### Data for review
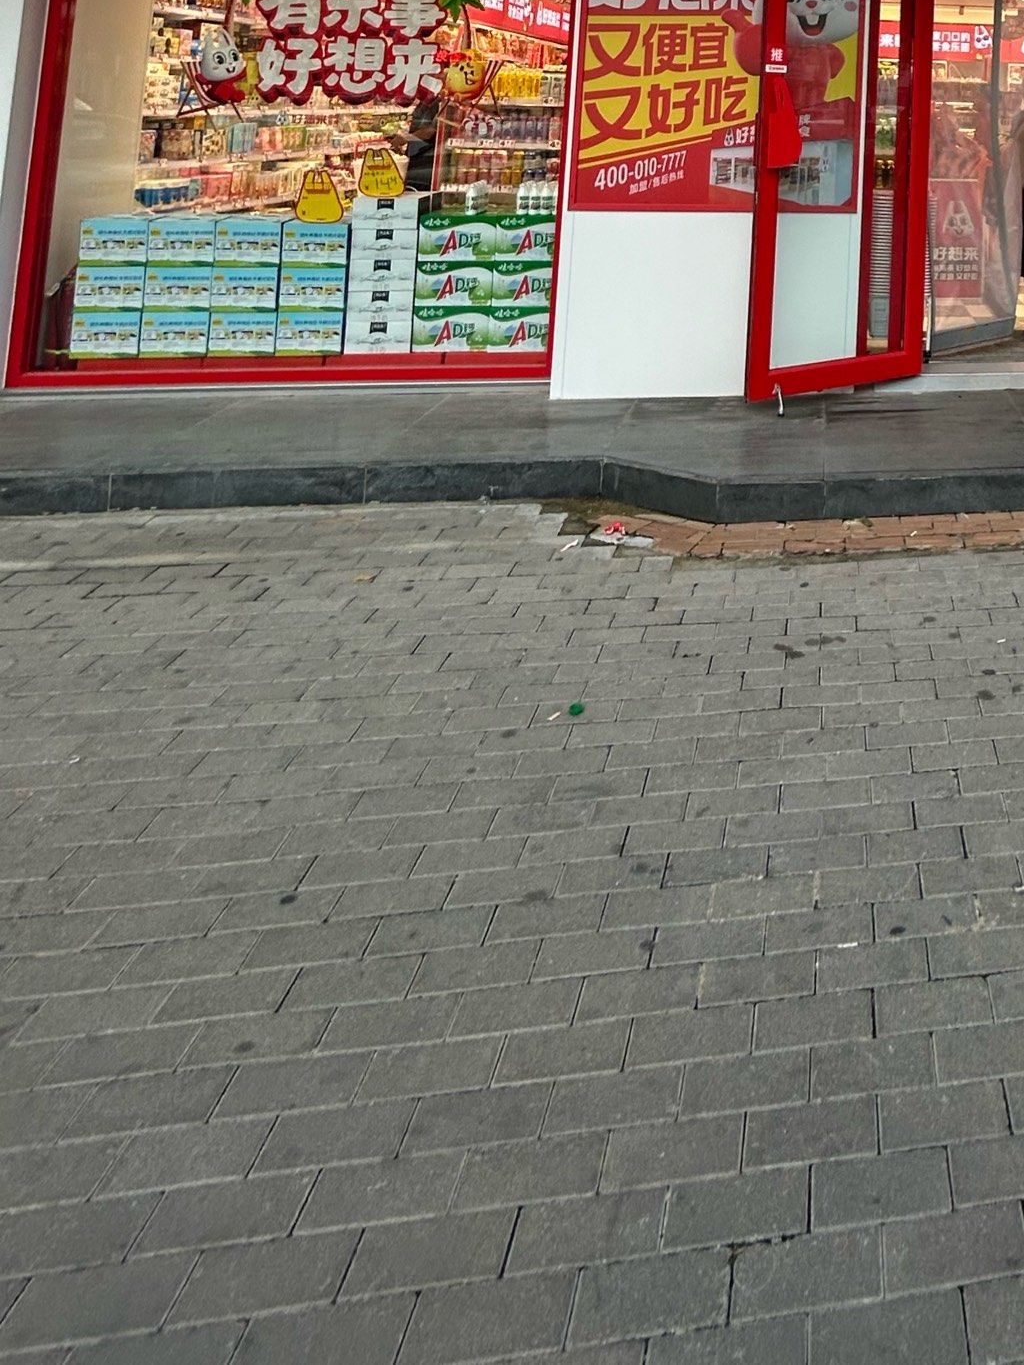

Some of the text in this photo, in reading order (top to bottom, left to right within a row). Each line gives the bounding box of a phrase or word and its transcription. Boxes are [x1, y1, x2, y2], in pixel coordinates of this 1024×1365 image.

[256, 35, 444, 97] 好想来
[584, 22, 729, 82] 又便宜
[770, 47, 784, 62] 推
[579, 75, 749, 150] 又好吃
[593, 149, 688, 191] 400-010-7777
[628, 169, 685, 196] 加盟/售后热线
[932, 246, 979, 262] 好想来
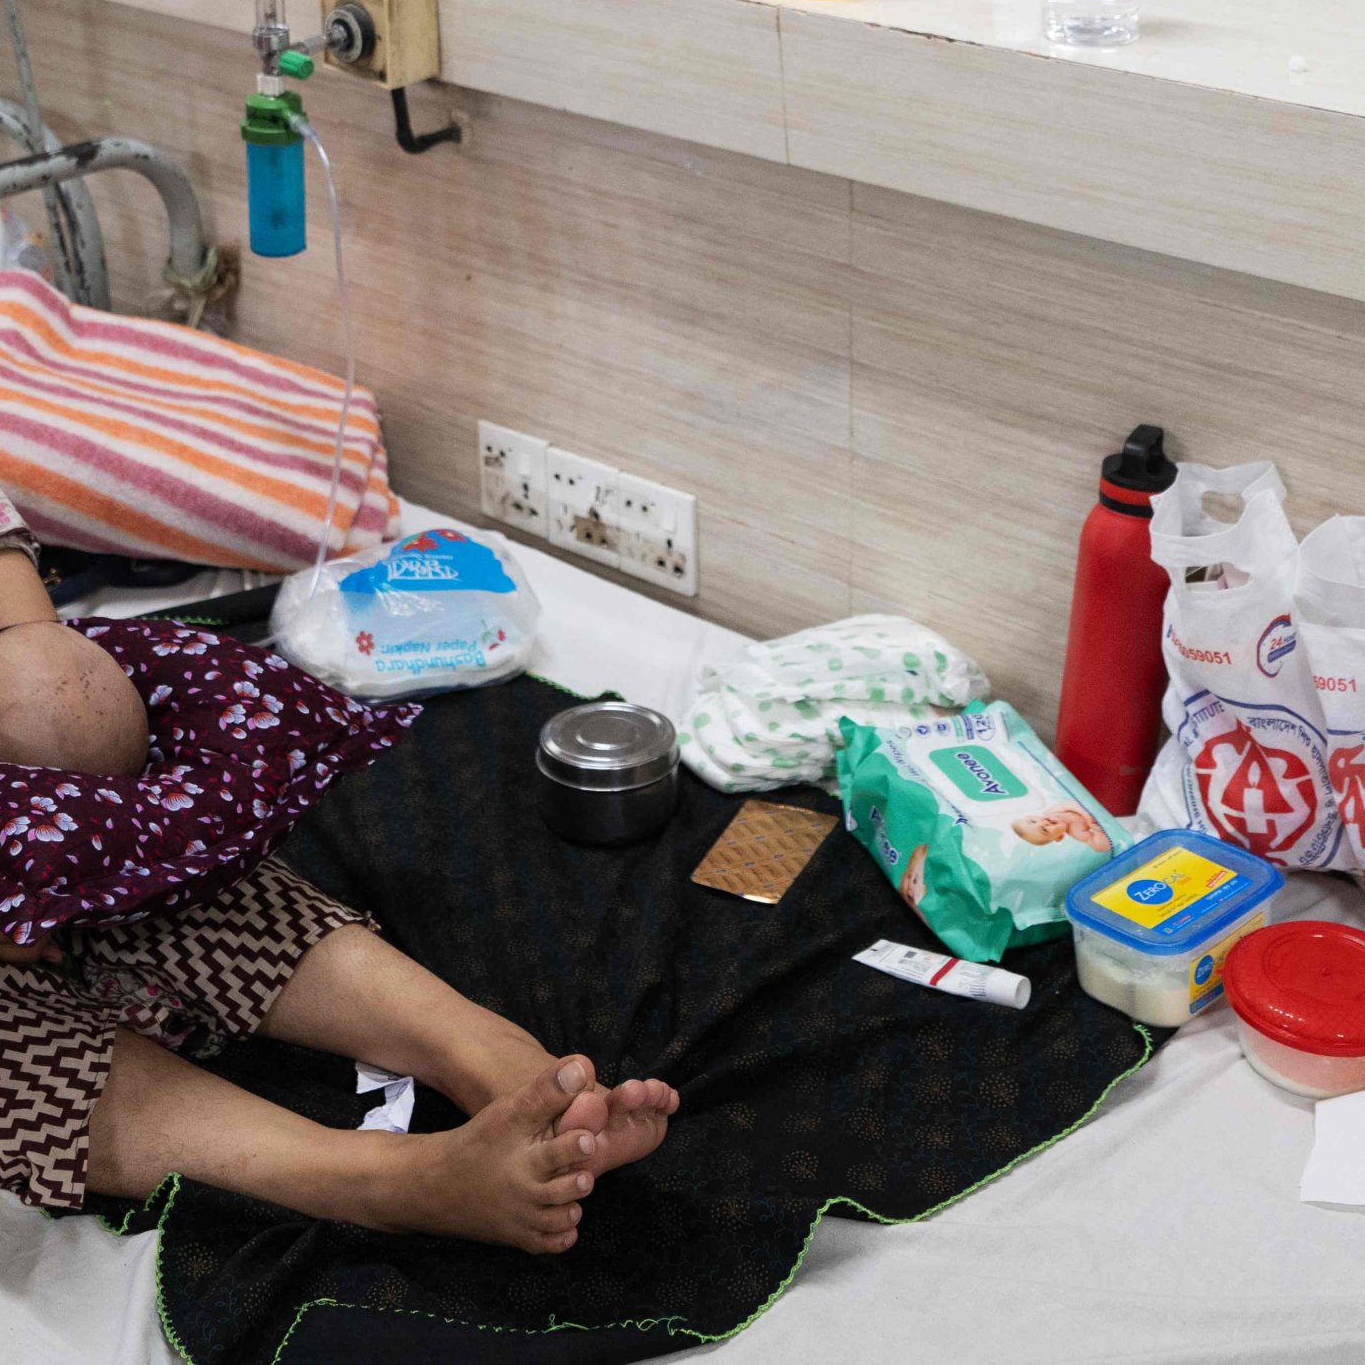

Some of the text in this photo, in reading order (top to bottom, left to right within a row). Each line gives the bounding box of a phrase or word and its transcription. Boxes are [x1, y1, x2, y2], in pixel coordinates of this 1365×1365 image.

### Exercise aim
Omit the pictures, then print the rest of the listing above exactly.

### Exercise output
Some of the text in this photo, in reading order (top to bottom, left to right within a row). Each line gives the bounding box of a phrase or word and its transcription. Boxes are [x1, y1, x2, y2], in pixel coordinates of this 1024×1365 image.

[256, 35, 444, 97] 好想来
[584, 22, 729, 82] 又便宜
[770, 47, 784, 62] 推
[579, 75, 749, 150] 又好吃
[593, 149, 688, 191] 400-010-7777
[628, 169, 685, 196] 加盟/售后热线
[932, 246, 979, 262] 好想来

Some of the text in this photo, in reading order (top to bottom, left to right within a row). Each line gives the bounding box of a phrase or word and its transcription. Boxes are [x1, y1, x2, y2], in pixel coordinates of this 1365×1365 image.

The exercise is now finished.